VICE´SIMA
VICE´SIMA a tax of 5 per cent. (1)
Vicesima libertatis (
C. I. L.
10.3875). When a slave was manumitted, the state claimed 5 per cent. on his
value, by a law passed in 357 B.C. (
Liv. 7.16;
Cic. Att. 2.1. 6,
2; Wilmanns,
Exempla
Inscriptionum Latinarum, 314). The fund thus raised was for
some time at least kept in reserve
ad ultimos
casus; e.g. it was used in a crisis of the Second Punic War, B.C.
209 (
Liv. 27.10). The amount was doubled by
Caracalla and reduced to its original rate by Macrinus (
D. C. 67.9,
68.12). The tax, like
others, was farmed to
publicani (Arrian,
Epict. 2.1, 26; 4.1, 33;
C. I. L.
10.3875); but under the Empire it came to be managed by
procuratores. The slave paid it (Arrian,
Epict. 4.1, 33); if the master chose to pay, the slave was
said to enjoy
gratuita libertas (Suet.
Vesp. 16).
(2)
Vicesima hereditatium et legatorum,
legacy-duty. This differs from all other
vectigalia by touching Roman citizens only: it was thus a sort of
set-off against the disappearance of
tributum
and the absence of land-tax from Italy. Every Roman citizen had to pay to
the
aerarium militare (
AERARIUM) 5 per cent. on any
inheritance or legacy left him. None were exempt except the nearest
relatives of the deceased (
sui heredes) and
persons whose legacy or inheritance did not exceed a certain (unknown) sum
(
D. C. 55.25, Ivi. 28; Plin.
Paneg. 37, 39; Hist, Aug.
M. Aur. 11).
Peregrini and Latini who had become Roman citizens had, in a legal sense, no
relatives, and were therefore obliged in all cases to pay the duty (Plin.
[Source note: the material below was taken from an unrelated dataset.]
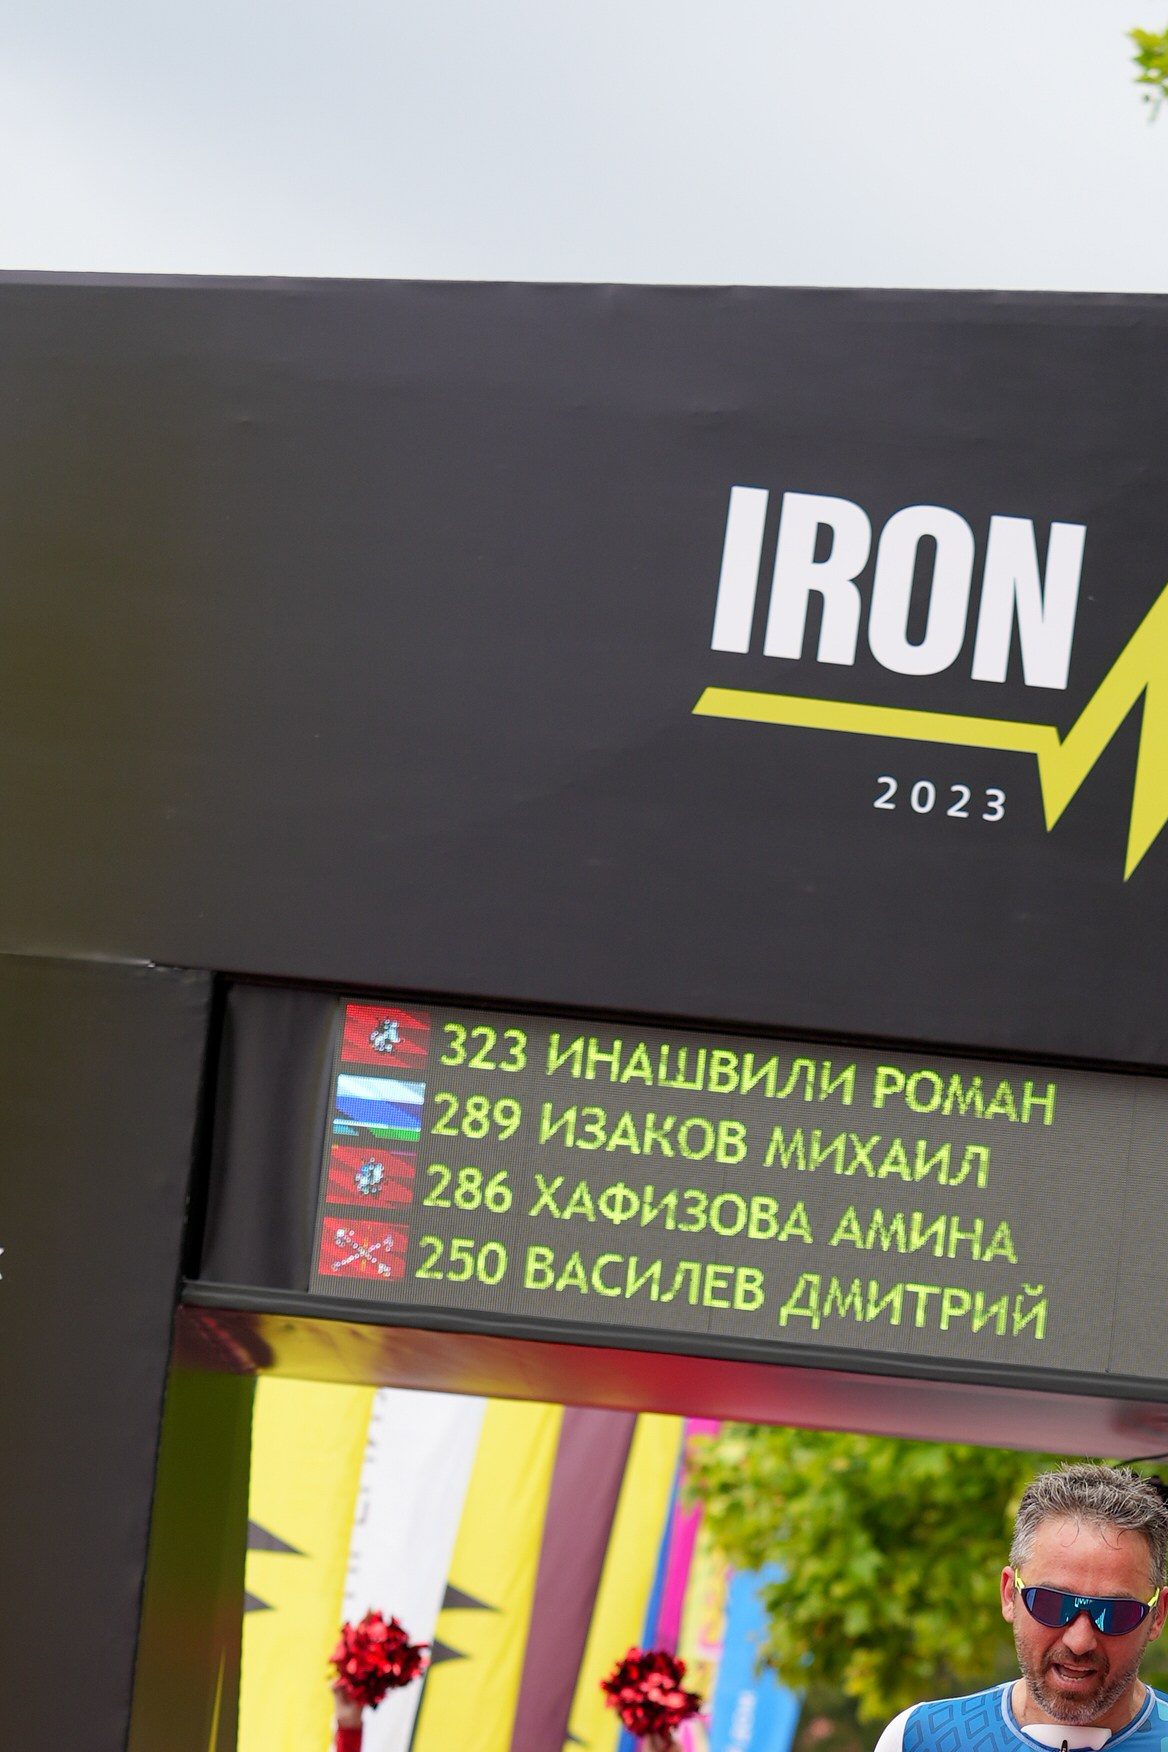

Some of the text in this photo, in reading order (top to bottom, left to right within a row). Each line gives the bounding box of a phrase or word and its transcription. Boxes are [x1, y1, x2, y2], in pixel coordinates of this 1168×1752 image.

Paneg. 37). It is often said to have been introduced by
Augustus, in A.D. 6; but it is probably older (Plin.
Paneg.
42, and Hirschfeld,
Untersuchungen, p. 62; also
VOCONIA LEX); or was at
least tried by the triumvirs in B.C. 40 (
App. BC
5.67). It was of course unpopular (
D. C.
56.28). Caracalla, in granting the Roman citizenship to all
subjects of the Empire, a step which would of itself make the tax far more
productive, also doubled the amount; but Macrinus brought it back to 5 per
cent. (Id. 67.9, 68.12; Hist. Aug.
Heliog. 12). It had
disappeared altogether before Justinian (Cod.
Just.
6,
33,
3). We do
not know whether it had to be paid by citizens on property situated in the
provinces. The tax was farmed out to
publicani,
and afterwards managed by
procuratores Augusti vicesimae
hereditatium; a statio hereditatium occurs in inscriptions
[
STATIONES FISCI].
(O. Hirschfeld,
Untersuchungen aus dem Gebiete der römischen
Verwaltungsgeshichte, 1876.)
[
F.T.R]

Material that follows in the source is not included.